» TASK DETAILS
When you reach the line that contains "this 1800×1125 image." below, transcribe it and each line after it word for word to the end of the records, omitting pictures.

» Stored data entries
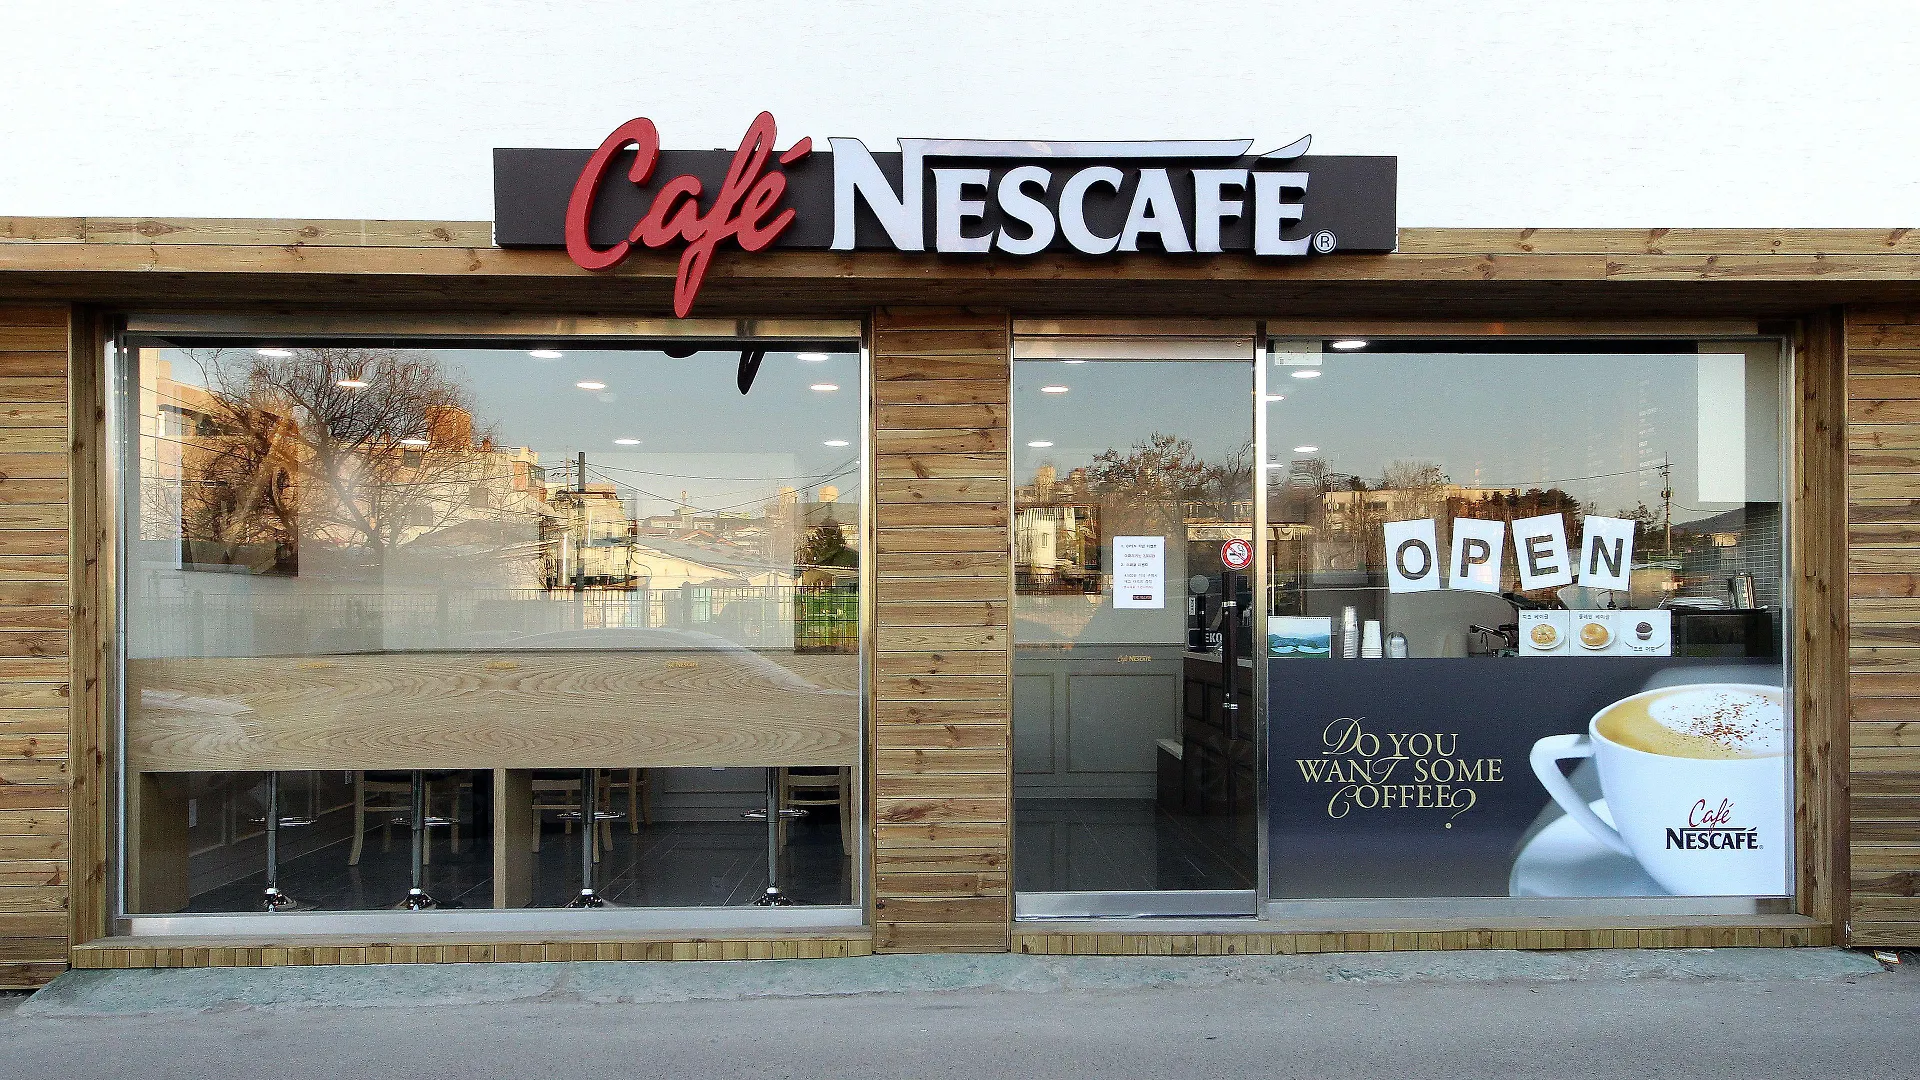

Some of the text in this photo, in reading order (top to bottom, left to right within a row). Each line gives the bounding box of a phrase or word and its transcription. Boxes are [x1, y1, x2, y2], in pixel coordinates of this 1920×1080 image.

[564, 110, 813, 318] Café
[1395, 534, 1625, 581] OPEN
[1387, 733, 1459, 757] YOU
[1295, 756, 1504, 784] WANT SOME
[1688, 797, 1735, 837] Café
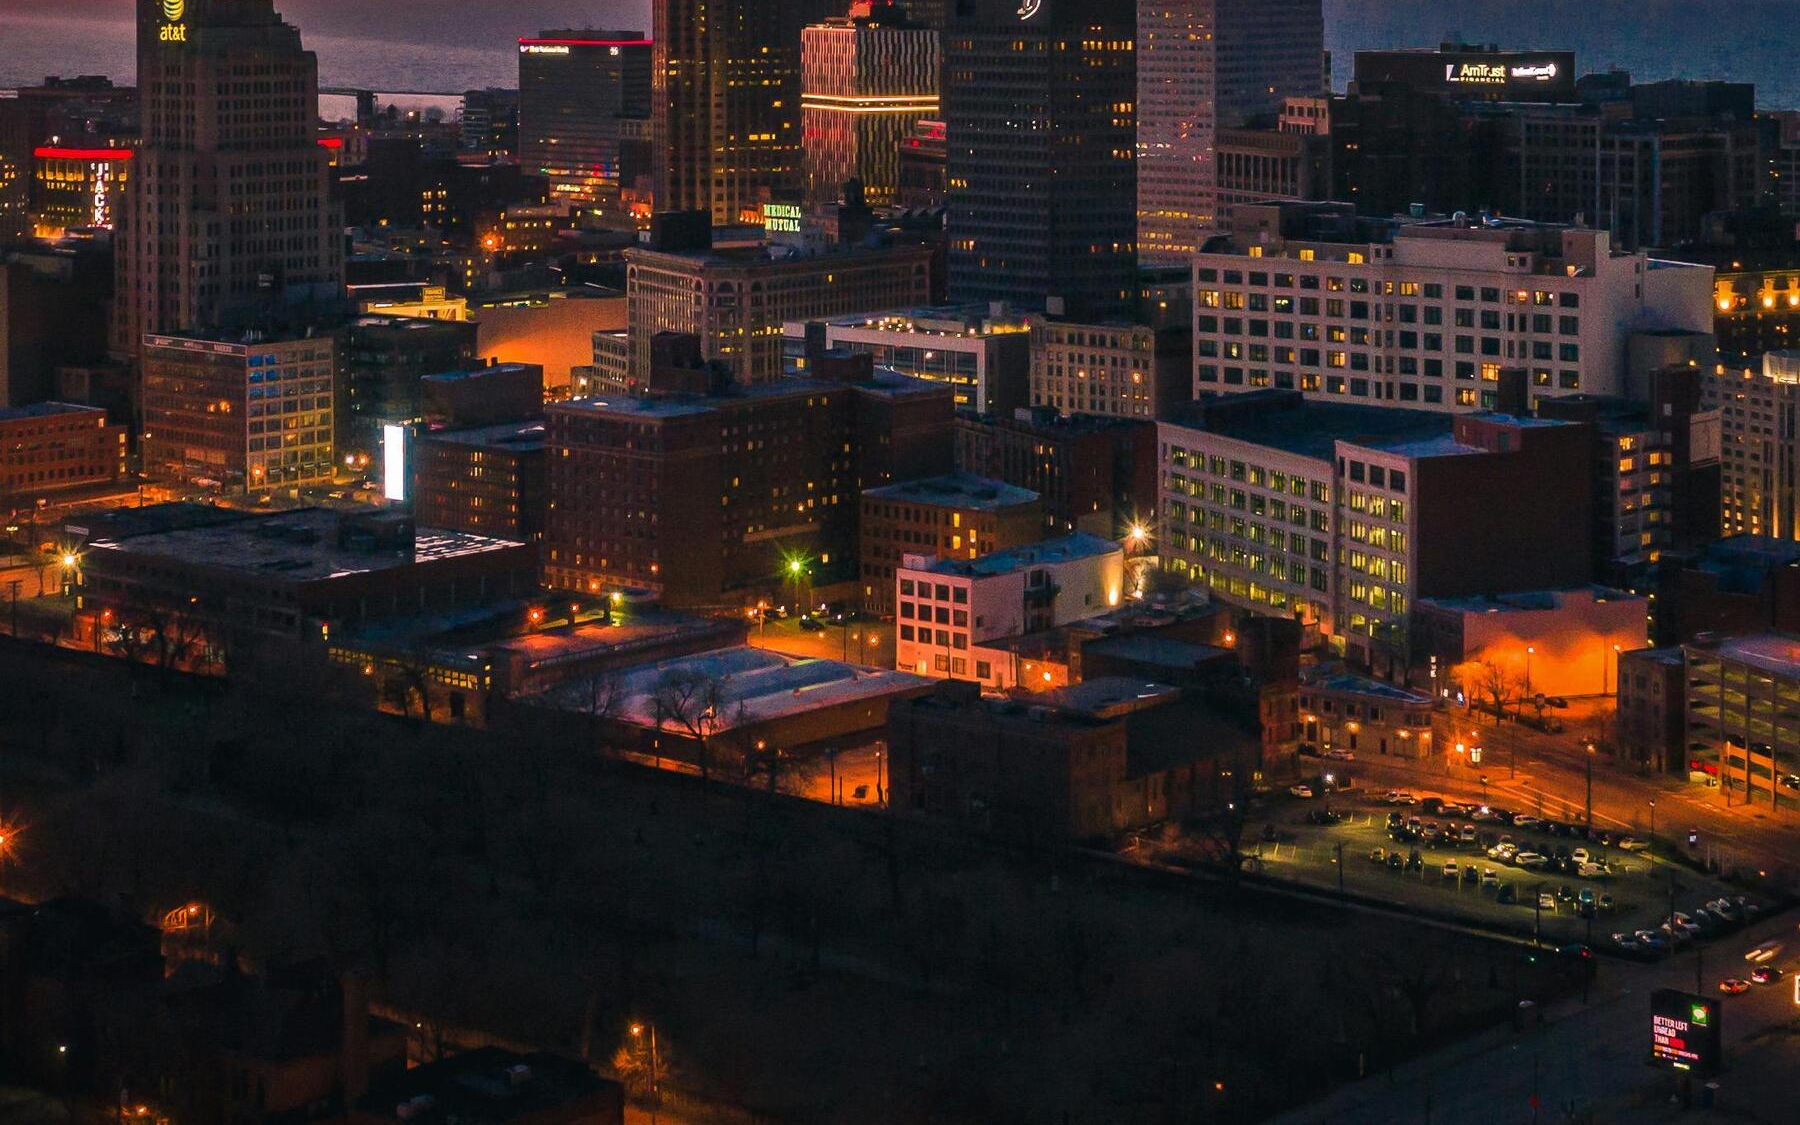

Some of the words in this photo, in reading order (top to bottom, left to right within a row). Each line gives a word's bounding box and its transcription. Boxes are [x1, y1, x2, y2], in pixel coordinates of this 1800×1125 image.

[160, 23, 186, 42] at&t
[1460, 63, 1506, 77] AmTrust
[95, 163, 105, 222] JACK
[763, 204, 802, 218] MEDICAL
[765, 217, 801, 232] MUTUAL
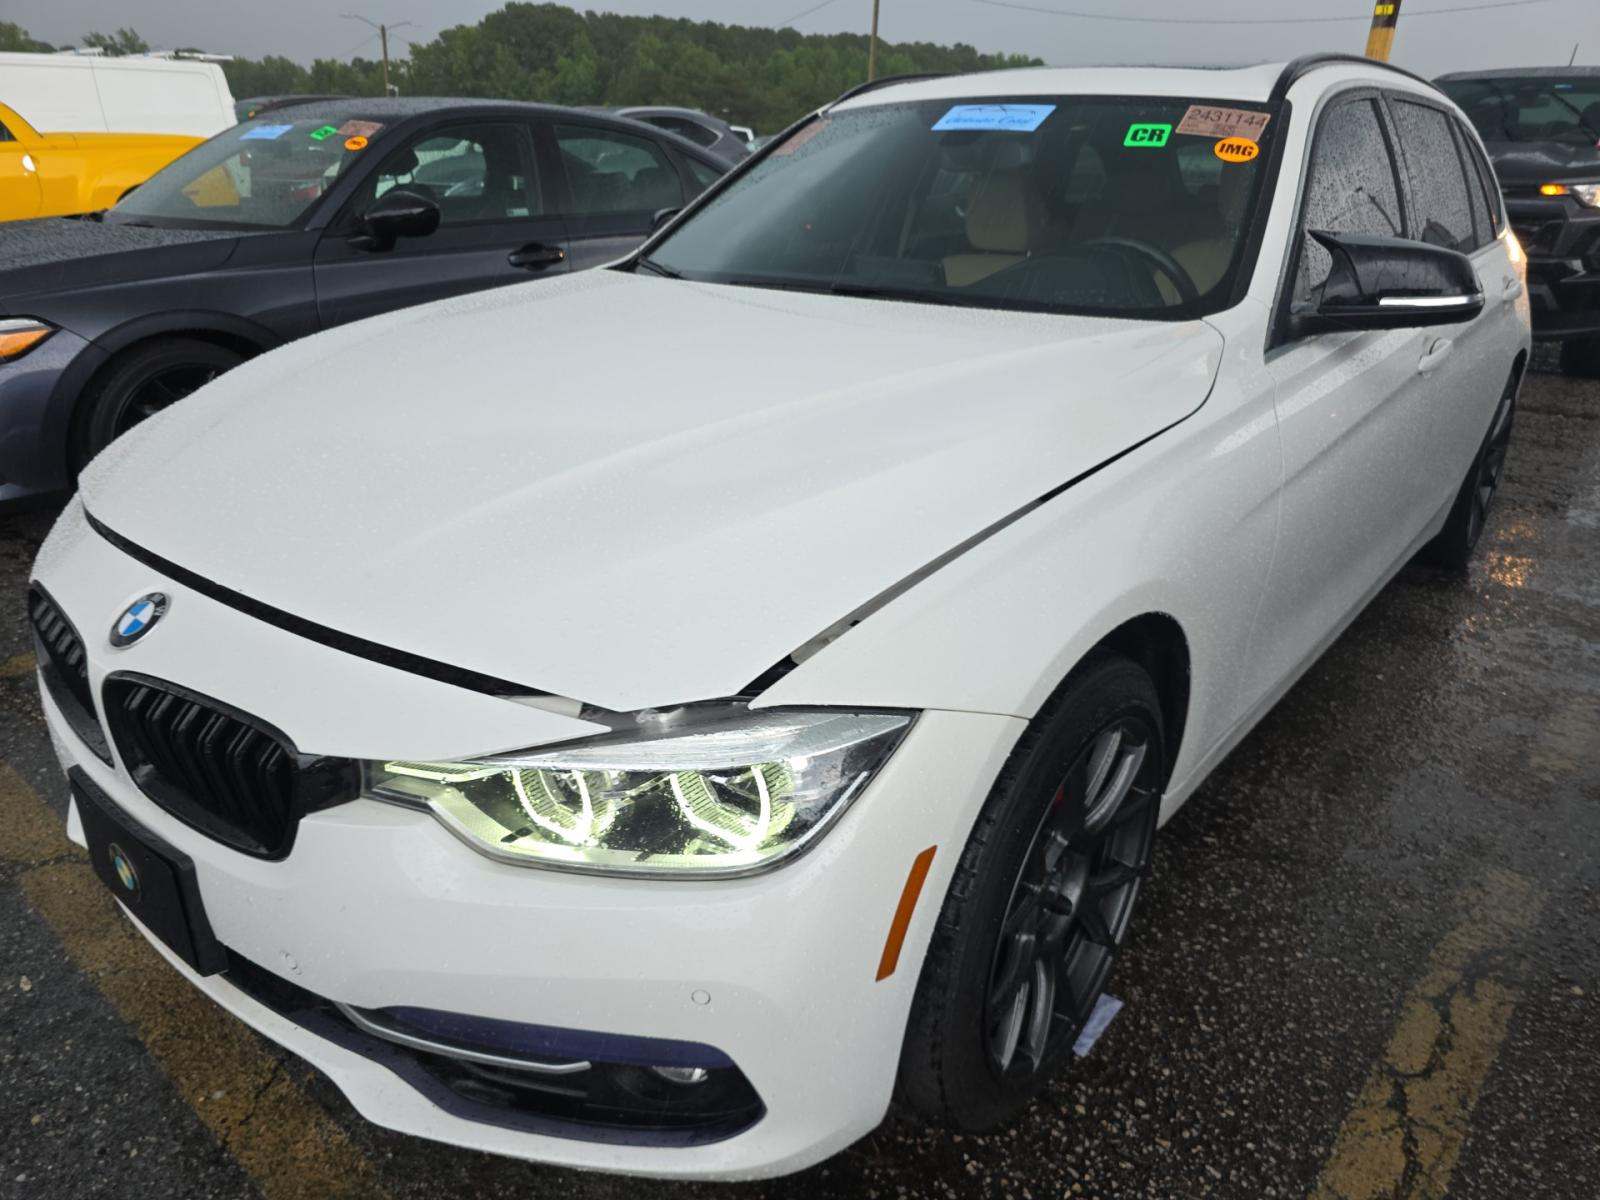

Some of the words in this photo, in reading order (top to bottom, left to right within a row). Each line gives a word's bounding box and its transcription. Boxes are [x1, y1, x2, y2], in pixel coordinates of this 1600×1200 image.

» FINISHED TASK
Some of the words in this photo, in reading order (top to bottom, left to right within a row). Each line gives a word's bounding box and its transcription. Boxes are [x1, y1, x2, y2], in pixel coordinates of this 1800×1125 image.

[160, 23, 186, 42] at&t
[1460, 63, 1506, 77] AmTrust
[95, 163, 105, 222] JACK
[763, 204, 802, 218] MEDICAL
[765, 217, 801, 232] MUTUAL

Some of the words in this photo, in reading order (top to bottom, left to right within a row). Each line gives a word's bounding box and its transcription. Boxes are [x1, y1, x2, y2], in pixel coordinates of this 1600×1200 image.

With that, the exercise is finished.